_DIRECTIONS FOR THIS TASK:_ The entries shown here must be retyped in full, with no pictures included.

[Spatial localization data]
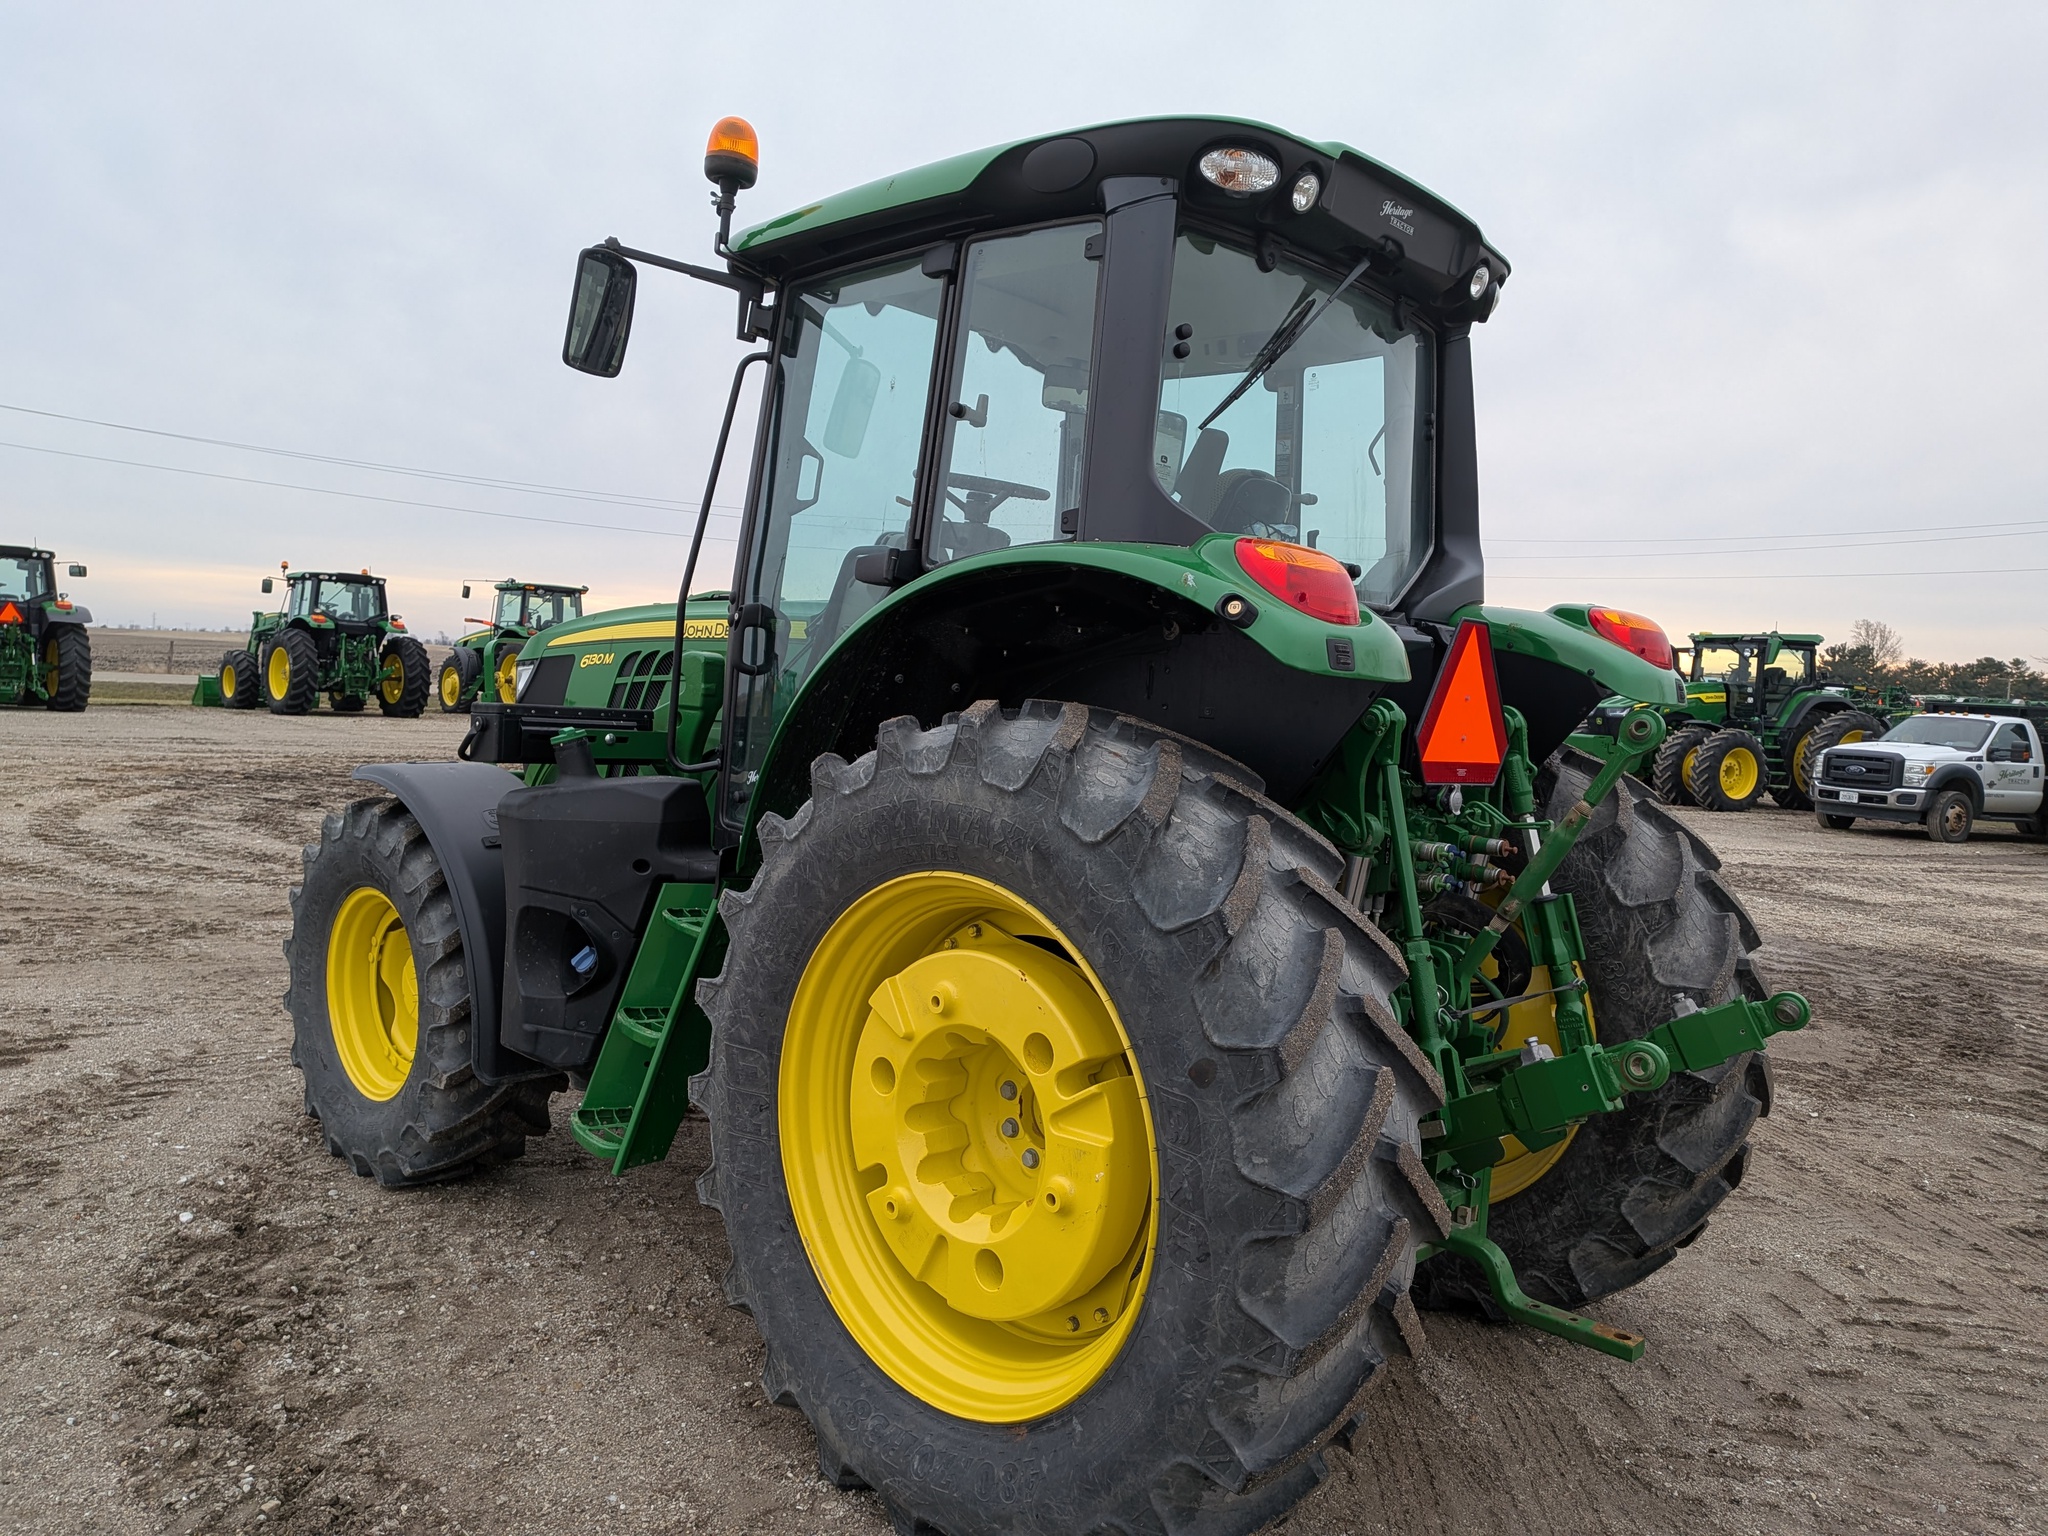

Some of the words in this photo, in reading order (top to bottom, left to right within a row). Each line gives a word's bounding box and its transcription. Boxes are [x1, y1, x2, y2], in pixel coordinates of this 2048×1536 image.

[1379, 200, 1414, 220] Heritage
[1389, 215, 1415, 236] TRACTOR
[683, 622, 713, 637] JOHN
[579, 651, 616, 668] 6130M
[1997, 768, 2026, 782] Heritage
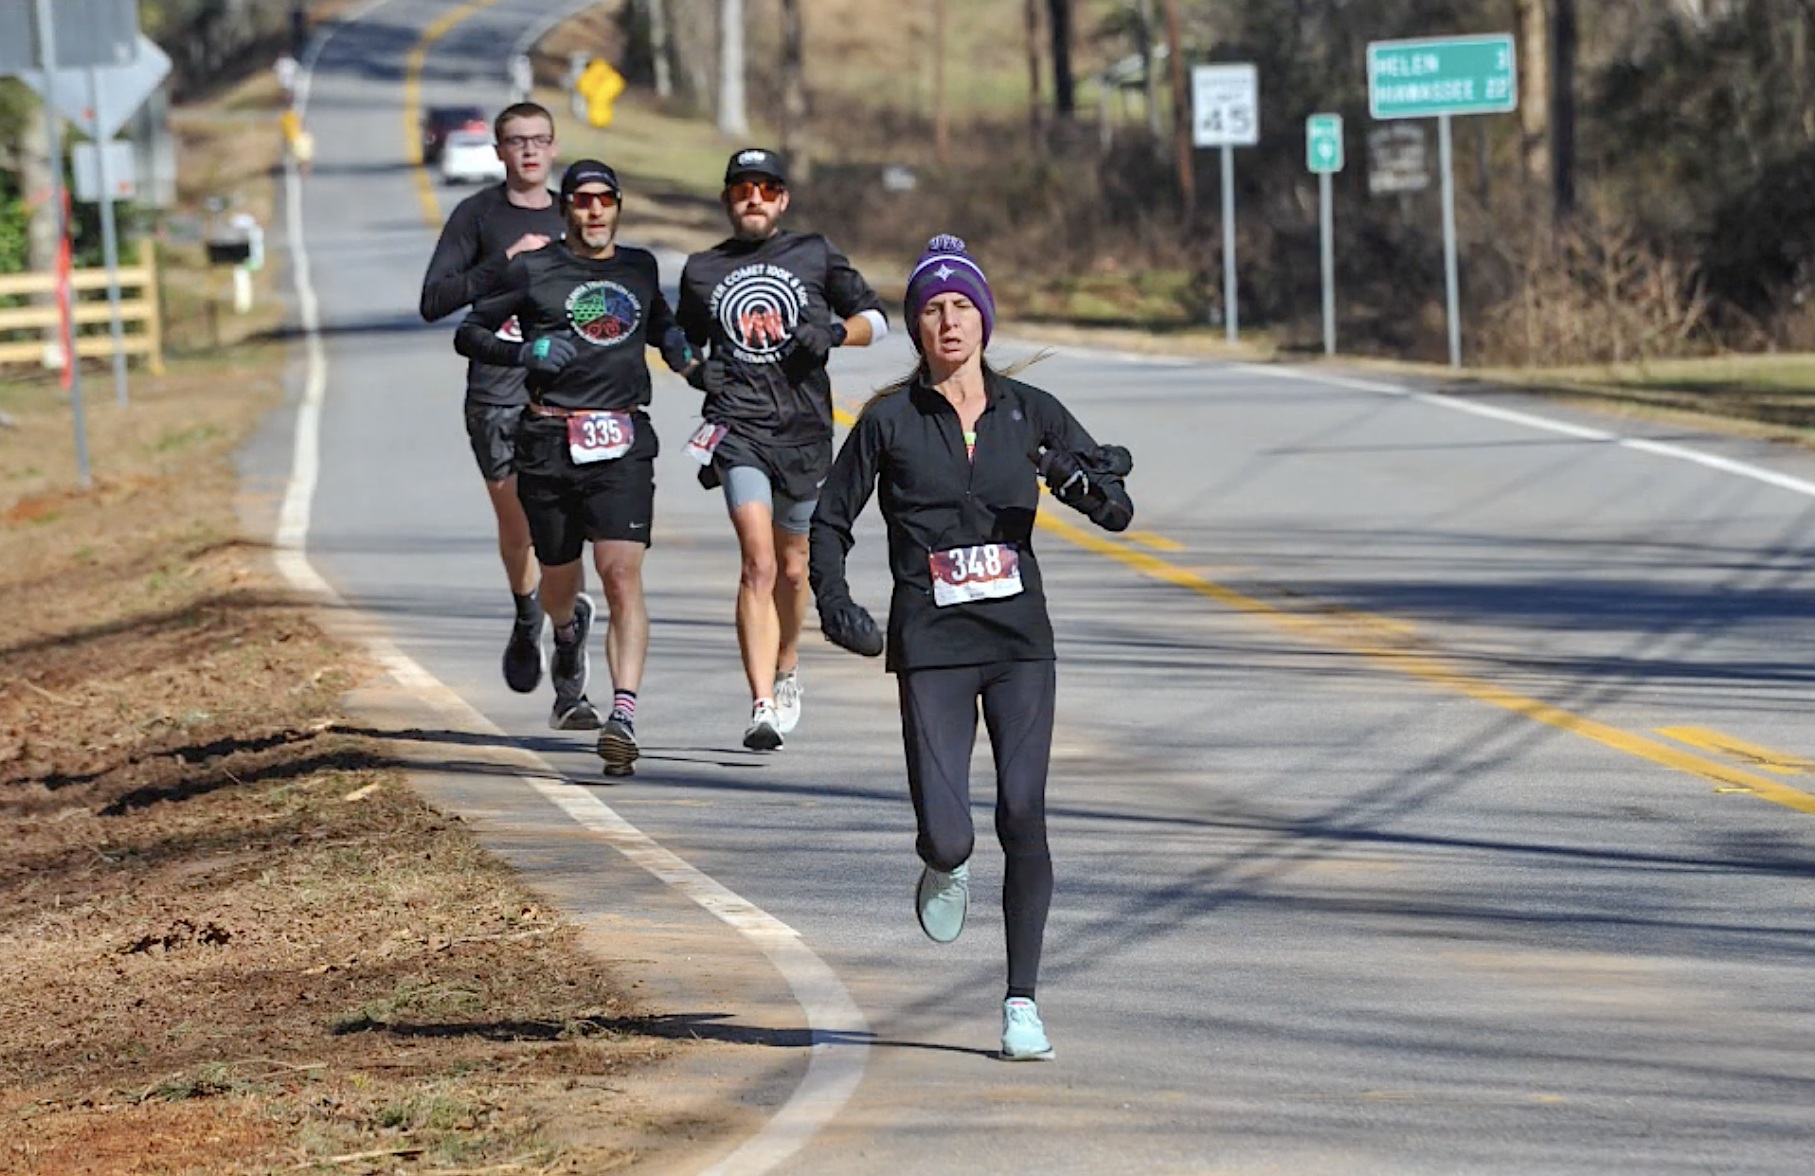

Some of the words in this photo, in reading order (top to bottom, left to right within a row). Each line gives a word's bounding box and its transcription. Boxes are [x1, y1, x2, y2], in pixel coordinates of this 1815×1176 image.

_SOLUTION FOR THIS TASK:_
Some of the words in this photo, in reading order (top to bottom, left to right within a row). Each line gives a word's bounding box and its transcription. Boxes are [x1, y1, x2, y2], in pixel coordinates of this 2048×1536 image.

[1379, 200, 1414, 220] Heritage
[1389, 215, 1415, 236] TRACTOR
[683, 622, 713, 637] JOHN
[579, 651, 616, 668] 6130M
[1997, 768, 2026, 782] Heritage

Some of the words in this photo, in reading order (top to bottom, left to right within a row). Each line gives a word's bounding box and its transcription. Boxes are [x1, y1, x2, y2], in pixel coordinates of this 1815×1176 image.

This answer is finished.